As I arrived to check in at my hotel in Phoenix, I got a call from my brother telling me that Dad had just passed away. While I knew it was coming and thought I was prepared for it, the emotions I felt at that moment were the most painful of my entire life. Still is to this day. Eventually, I decided I needed to grab a beer and have a toast to my dad. I met up with my boss, Stephan and our tribal vice-chairman, Bobby, at a pub. While talking to them and trying to figure out when and how I could get a flight back home, so many thoughts about my dad’s life came to mind.

I mostly thought about all the things he wished he’d done, but never got around to. Mostly because, even at 56 years old, you tend to think you have time to do those things. He had become known for saying, “one of these days.” Now it was all over and there would be “none of those days.” The finality of it all just seemed so unfair to me. Right then I realized that we truly do only have one life. It could all end today.

I thought about some of the days I would spend in the nursing home with my dad. When he got tired and needed a nap I would just go sit in the lobby and talk to the old guys who were sitting out there watching TV. After some time, I started to notice how every single one of them seemed to have one thing in common. REGRET!

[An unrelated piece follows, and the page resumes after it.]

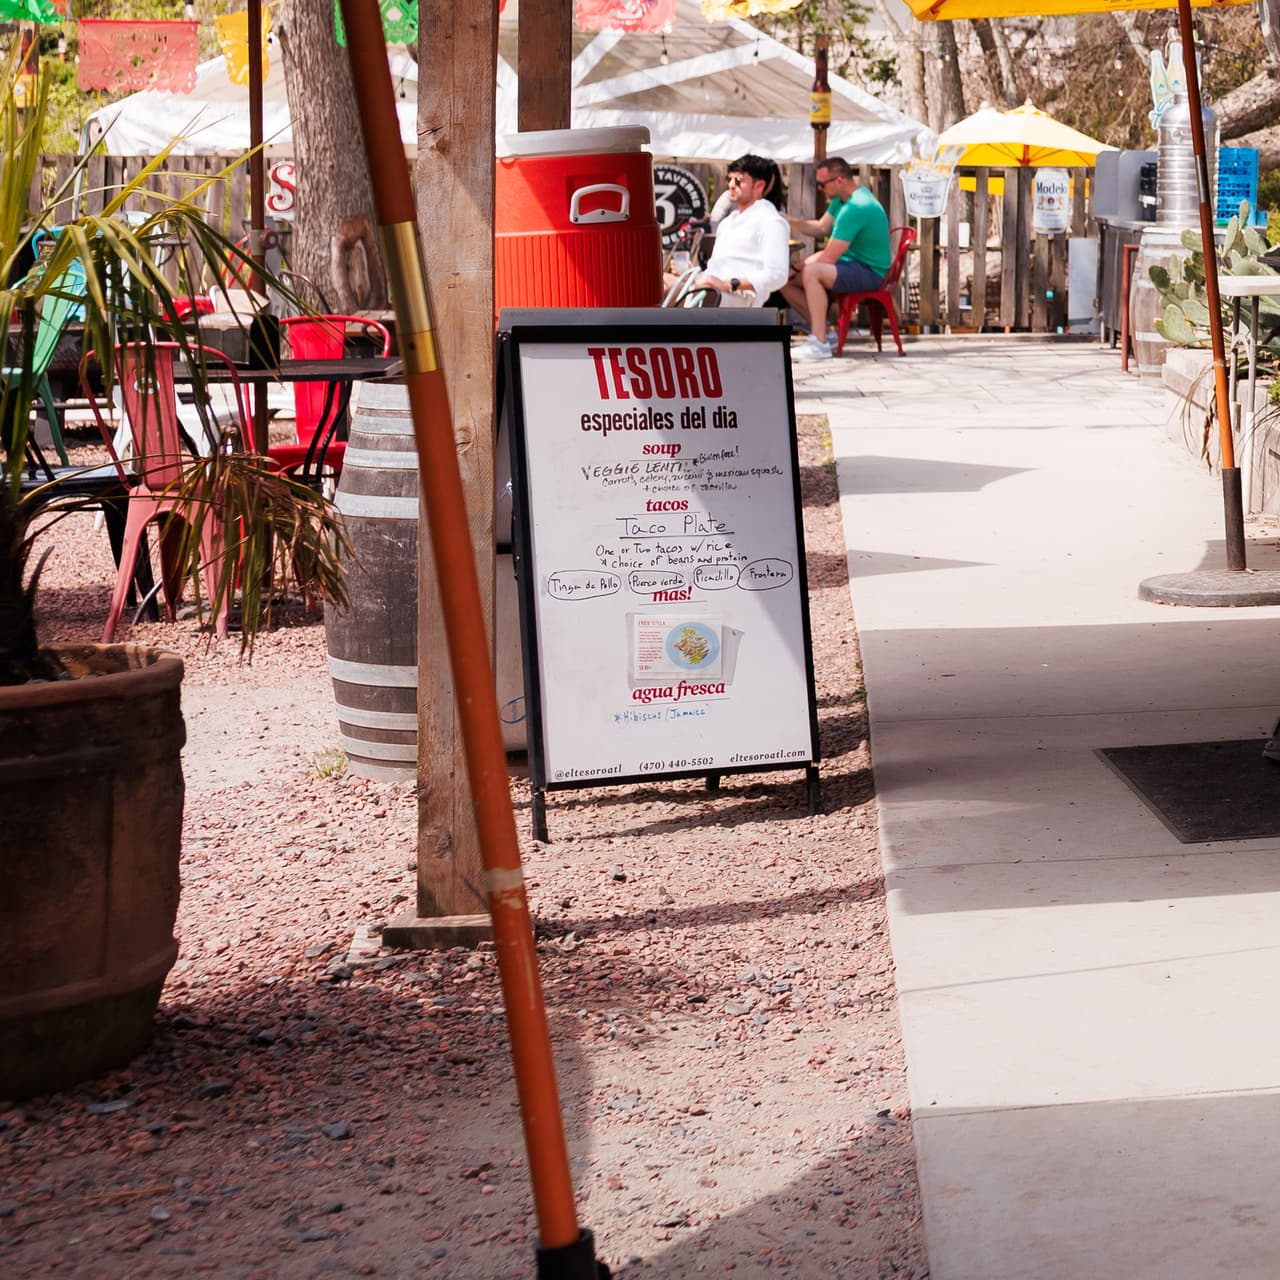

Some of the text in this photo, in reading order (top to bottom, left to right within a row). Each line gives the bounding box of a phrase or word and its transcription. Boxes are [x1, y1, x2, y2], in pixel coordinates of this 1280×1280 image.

They all were like my dad in that they had these dreams or goals they wanted to accomplish “one of these days.” Now they were just sitting and waiting to die and they were going to die having never done those things. They had one life. Just one chance to do the things they REALLY wanted to do. Instead they wasted it. They spent all their days doing the things they were told they HAD to do. Get up. Go to work. Come home. Pay bills. Eat dinner. Watch TV. Go to bed. Rinse and repeat!

It’s sad really. For me it was just scary, because here I was a third of the way through my life and doing the exact same thing. I could die the next day and I’d be dying the same way they did. With my dreams being buried with me. I was still breathing and had a heart beat, but really I was already dead. I wasn’t really living. Not the way we should be living.

So, here I am in a pub in Phoenix talking about my dad and how I wish we could have started that brewery together. In that moment I realized if I didn’t take action, change my idea of what was possible for me and actually take steps towards living a life that I wanted to live, then I would find myself sitting in a nursing home full of regret. That thought alone not only scared the hell out of me, but lit a fire under my ass!

STARTING A BREWERY

I decided right then that I would open a brewery. I would go home and start brewing at least twice per month until I had a good understanding of what I was really doing and had a lineup of beers that I thought people would actually pay money for. Unlike most homebrewers, I didn’t use each brew day as an opportunity to brew something crazy and unique. I used it to make the previous batch better. I would brew beers over and over until I felt like they were good enough. My buddy Zach was there for 90% of those brew days and with him I literally created the ideas for Skydance Brewing right there in the garage.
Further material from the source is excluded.